Lyndon Haskey’s pasture is flooded with about six to eight inches (15 to 20 cm) of water from Quill Lakes as a result of heavy rains this spring, a CBC article said today.
“These fish all started swimming everywhere. It kind of scared me off the start; then I realized it was these jackfish,” Haskey said to CBC.
“It was quite the scene.”
The jackfish, also known as Northern pike, were joined by other visitors in the pasture: fresh-water shrimp and stickleback minnows.
“They call it the land of living skies but it’s the land of living water, too,” Haskey said.
Some farmers in the Quill Lakes area are losing valuable land due to the flood waters.
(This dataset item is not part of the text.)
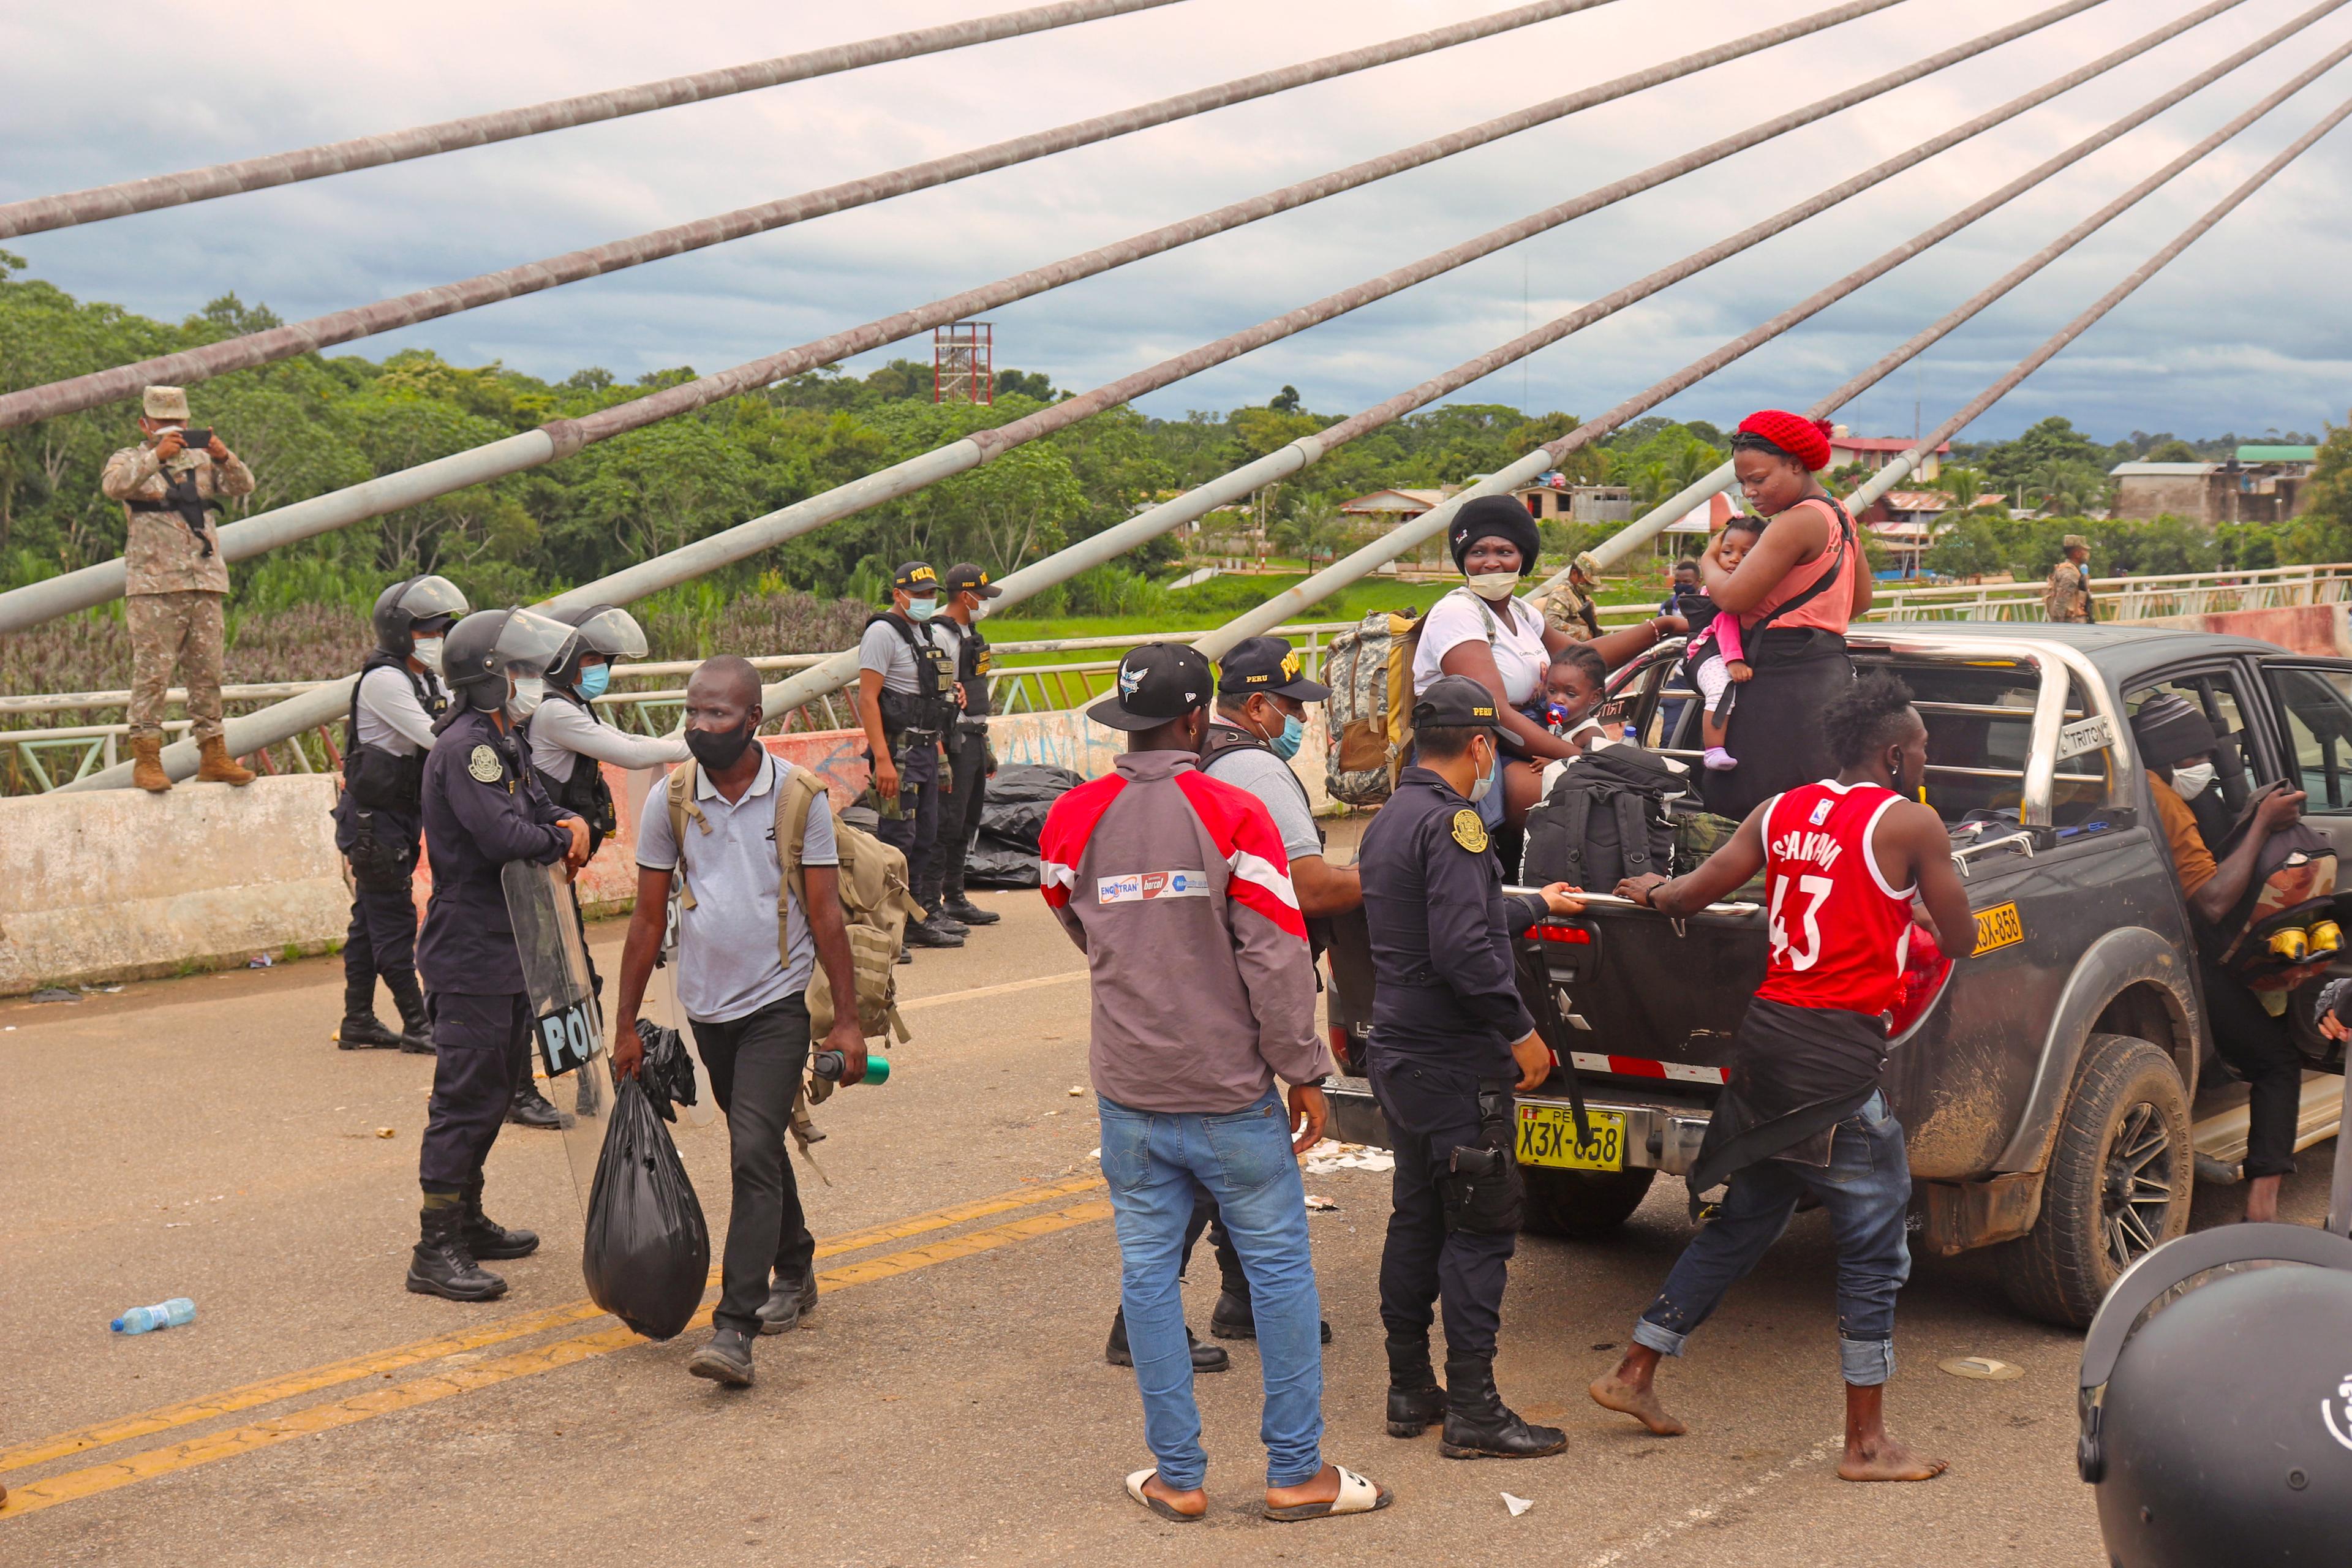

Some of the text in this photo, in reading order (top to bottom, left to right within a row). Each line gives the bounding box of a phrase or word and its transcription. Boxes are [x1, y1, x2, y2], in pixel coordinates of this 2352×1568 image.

Haskey’s family used to graze 100 cows on six quarters of pasture land prior to reoccurring flooding in the region, CBC said. Their pastures are about four kilometres from the shores of Quill Lakes.
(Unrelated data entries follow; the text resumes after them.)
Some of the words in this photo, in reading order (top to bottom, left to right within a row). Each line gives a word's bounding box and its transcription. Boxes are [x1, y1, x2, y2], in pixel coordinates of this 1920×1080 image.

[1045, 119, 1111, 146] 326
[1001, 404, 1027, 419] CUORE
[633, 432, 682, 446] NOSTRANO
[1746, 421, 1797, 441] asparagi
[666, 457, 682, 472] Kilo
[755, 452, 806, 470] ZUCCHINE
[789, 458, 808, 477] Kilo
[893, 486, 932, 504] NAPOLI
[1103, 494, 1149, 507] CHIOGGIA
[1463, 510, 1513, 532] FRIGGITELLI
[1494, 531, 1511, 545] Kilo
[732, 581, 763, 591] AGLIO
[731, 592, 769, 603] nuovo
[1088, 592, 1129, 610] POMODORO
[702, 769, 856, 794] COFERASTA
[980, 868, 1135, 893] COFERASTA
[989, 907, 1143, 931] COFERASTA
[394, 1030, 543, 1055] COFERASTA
Now, a couple of those quarters, and even some fields, have been taken out of production because of the flooding. During heavy winds, all six quarters of Haskey’s land can be swallowed up by water, he said.
As a result, he sold 30 cows last season, the article said.
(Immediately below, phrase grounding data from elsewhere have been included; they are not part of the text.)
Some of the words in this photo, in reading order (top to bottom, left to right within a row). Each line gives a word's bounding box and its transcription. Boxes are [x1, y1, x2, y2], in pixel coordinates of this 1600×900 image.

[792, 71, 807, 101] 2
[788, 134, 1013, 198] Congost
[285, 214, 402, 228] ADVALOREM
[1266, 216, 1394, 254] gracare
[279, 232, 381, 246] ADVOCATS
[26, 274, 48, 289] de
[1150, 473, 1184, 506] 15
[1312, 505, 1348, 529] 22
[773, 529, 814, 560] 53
“We just don’t have the land any more we used to, or the quality of land,” Haskey said to CBC.
“It’s not just the land that’s covered in water, but it’s the land that’s saturated, and 500 to 600 feet back from the water.”
To help producers facing such challenges, the Saskatchewan Water Security Agency has a cost-share program.
“We have a program called the Emergency Flood Damage Reduction Program which provides assistance for the implementation of emergency flood protection measures,” Patrick Boyle of the Water Security Agency, said to Farms.com today.
“It prevents damage from imminent risk of flooding. So, if there is an issue that is approaching a producer’s land or structures, … we are able to provide some emergency support.”
Quill Lakes’ water levels reached a 133-year record high in the spring of 2016, the Water Security Agency said in the article.
Above-normal precipitation since 2005 has intensified flooding in the area, the agency added.
“The Quill Lakes Watershed Association is looking at solutions at the local level,” Boyle said to Farms.com.